La GdF di Reggio Calabria sequestra oltre 250 tonnellate di pellet non sicuro di origine turca

I finanzieri del Comando Provinciale di Reggio Calabria e del Comando Provinciale di Lecce, all’esito di una
complessa e articolata attività investigativa, finalizzata a contrastare le frodi commerciali, hanno operato un
sequestro di un ingente quantitativo di pellet di bassa qualità, riportante marchi contraffatti, potenzialmente
dannoso per l’ambiente e per la salute umana.
L’indagine, condotta dai militari del Gruppo di Gioia Tauro e della Compagnia di Otranto, ha permesso di
individuare e bloccare una filiera di rivendita di pellet di origine turca non conforme agli standard qualitativi
nazionali.
In particolare, sui sacchi di pellet sequestrati, per altro scaduto da anni, oltre a non essere riportate le indicazioni
del soggetto importatore e le prescritte informazioni al consumatore, era riprodotto il marchio di certificazione
“ENplus A1” evidentemente contraffatto.
Tale certificato garantisce la tracciabilità e i controlli lungo tutta la filiera, rappresentando un’indicazione di elevata qualità del prodotto.

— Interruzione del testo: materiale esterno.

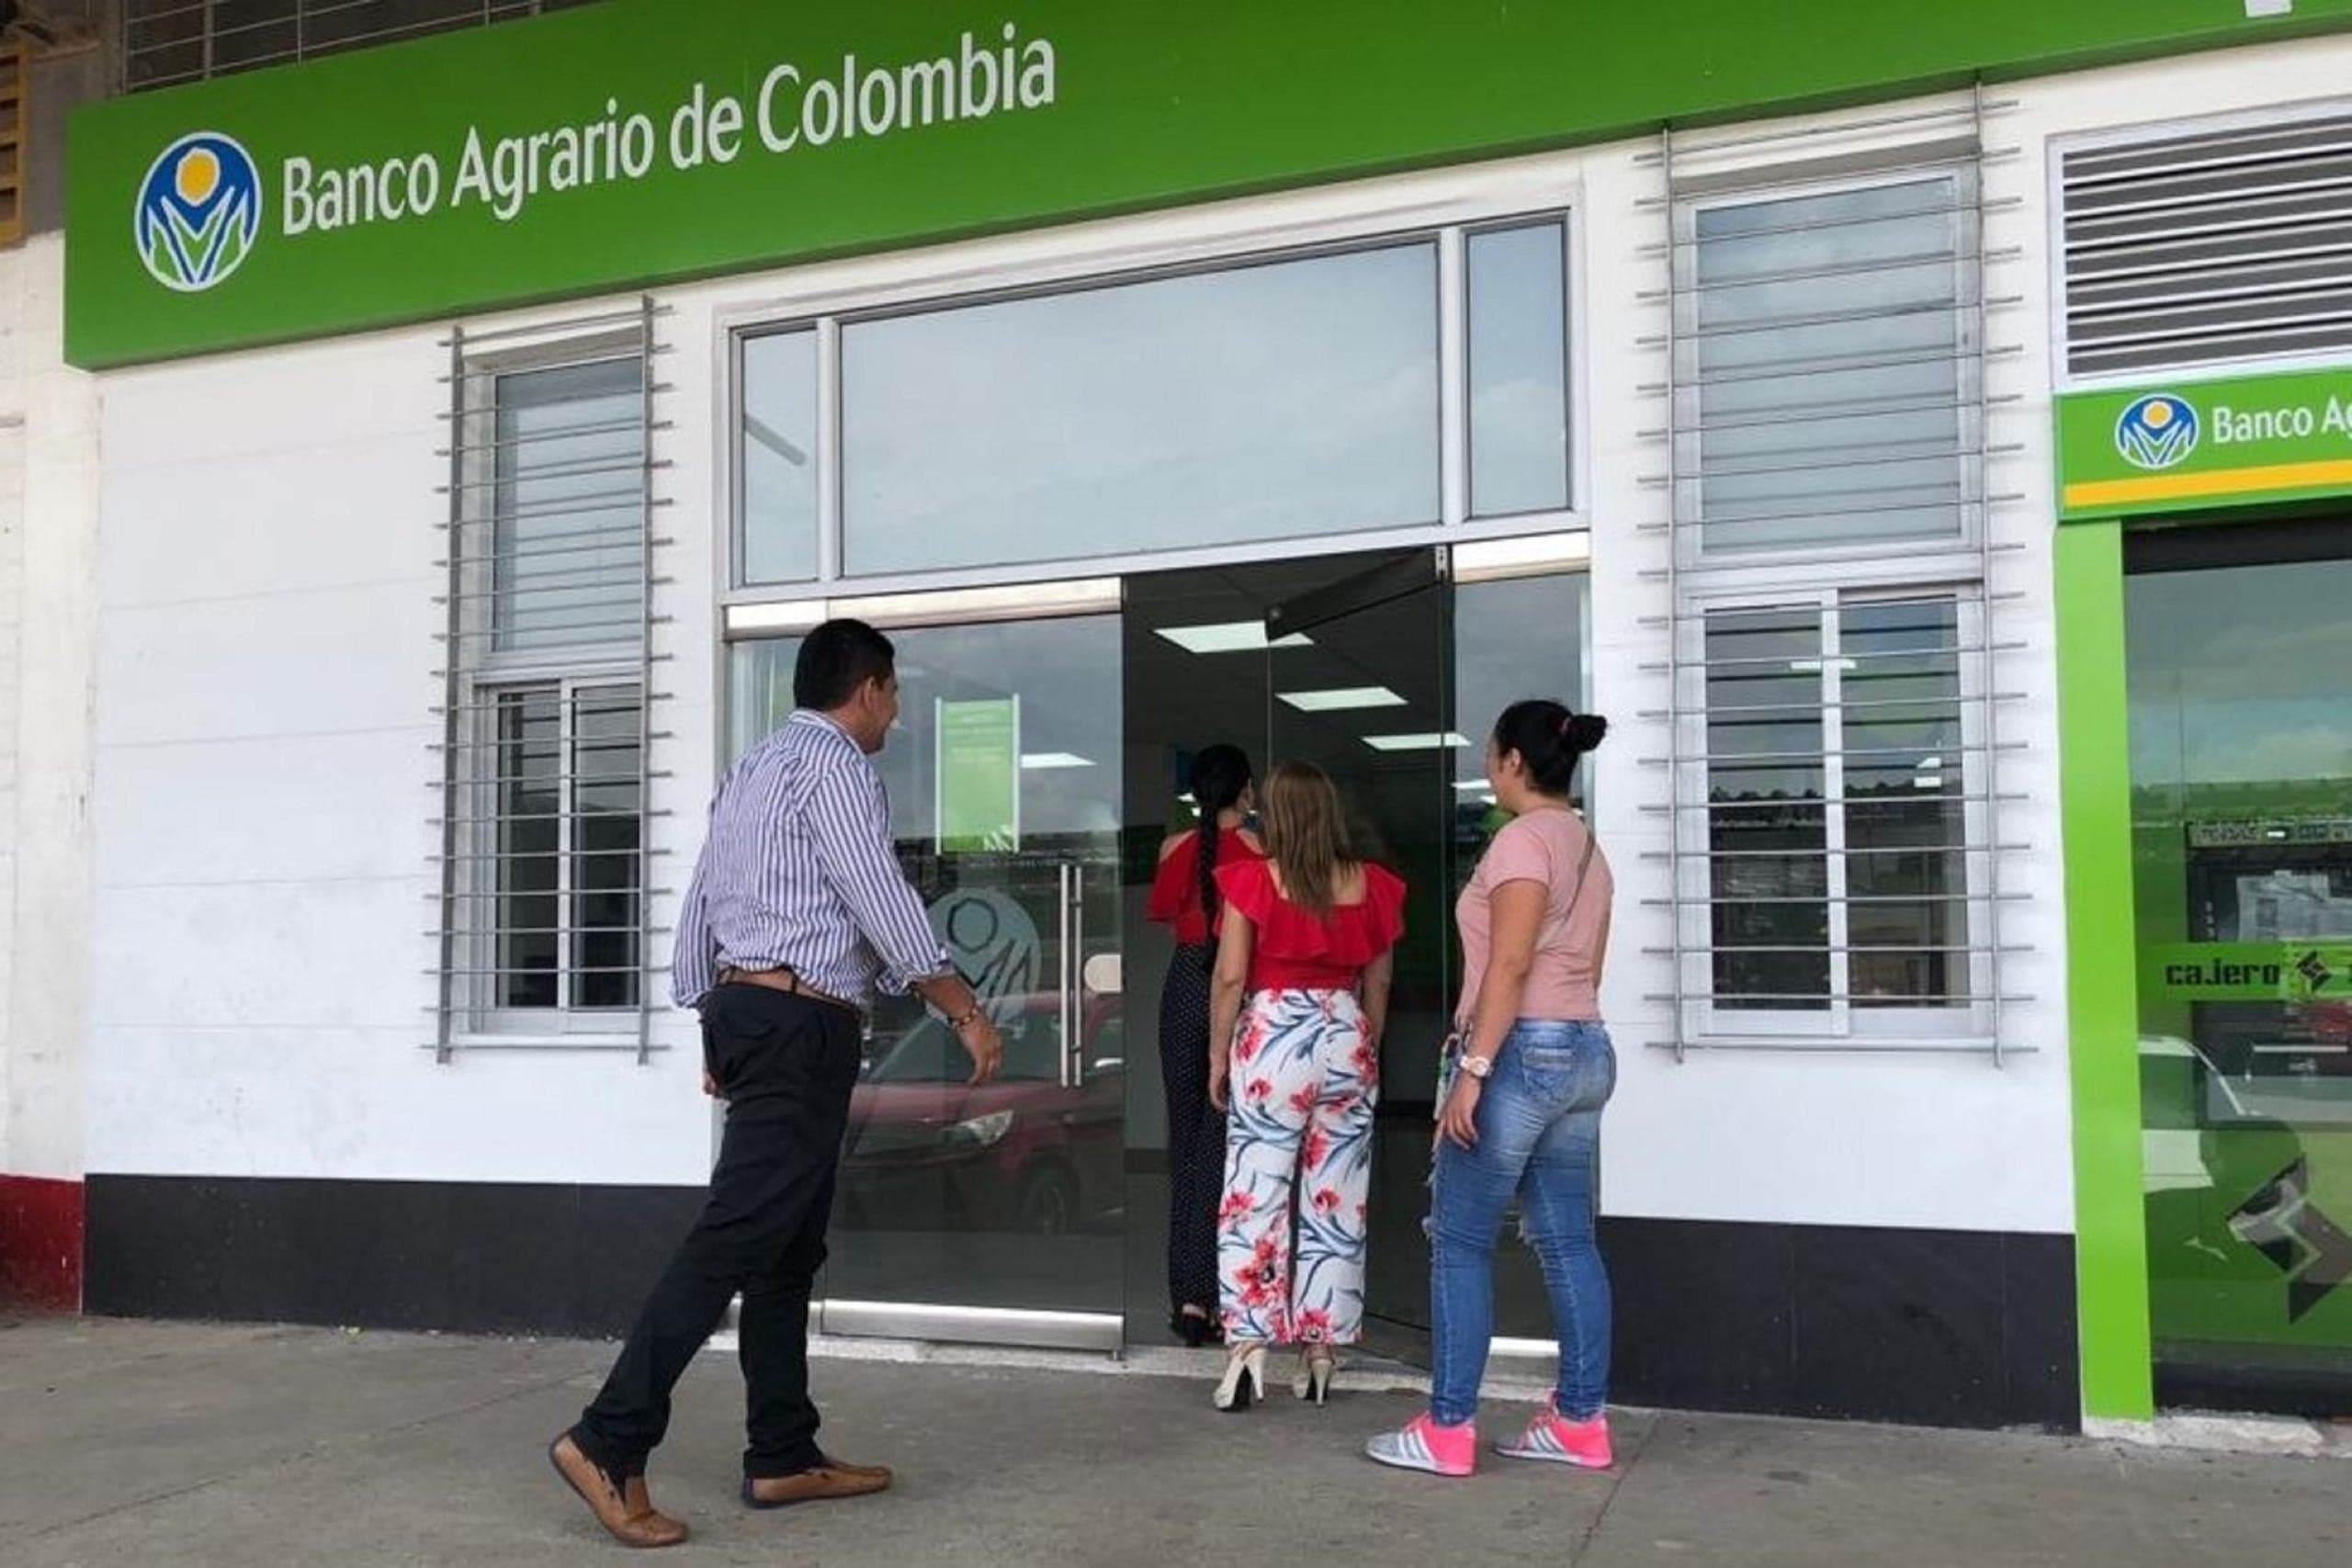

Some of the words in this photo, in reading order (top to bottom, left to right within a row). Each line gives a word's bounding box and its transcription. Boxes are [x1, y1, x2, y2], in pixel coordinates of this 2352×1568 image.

Due imprenditori, uno di origini calabresi e l’altro salentino, sono stati segnalati alle competenti Autorità
Giudiziarie per le ipotesi delittuose di frode in commercio nonché di introduzione nello Stato e di commercio di
prodotti con segni falsi.
L’attività conferma l’impegno delle Fiamme Gialle nel contrasto alla diffusione di prodotti non genuini e
insicuri, che oltre a costituire un pericolo per la salute pubblica, danneggiano il mercato e gli operatori economici
onesti, sottraendo opportunità e lavoro alle imprese che rispettano le regole.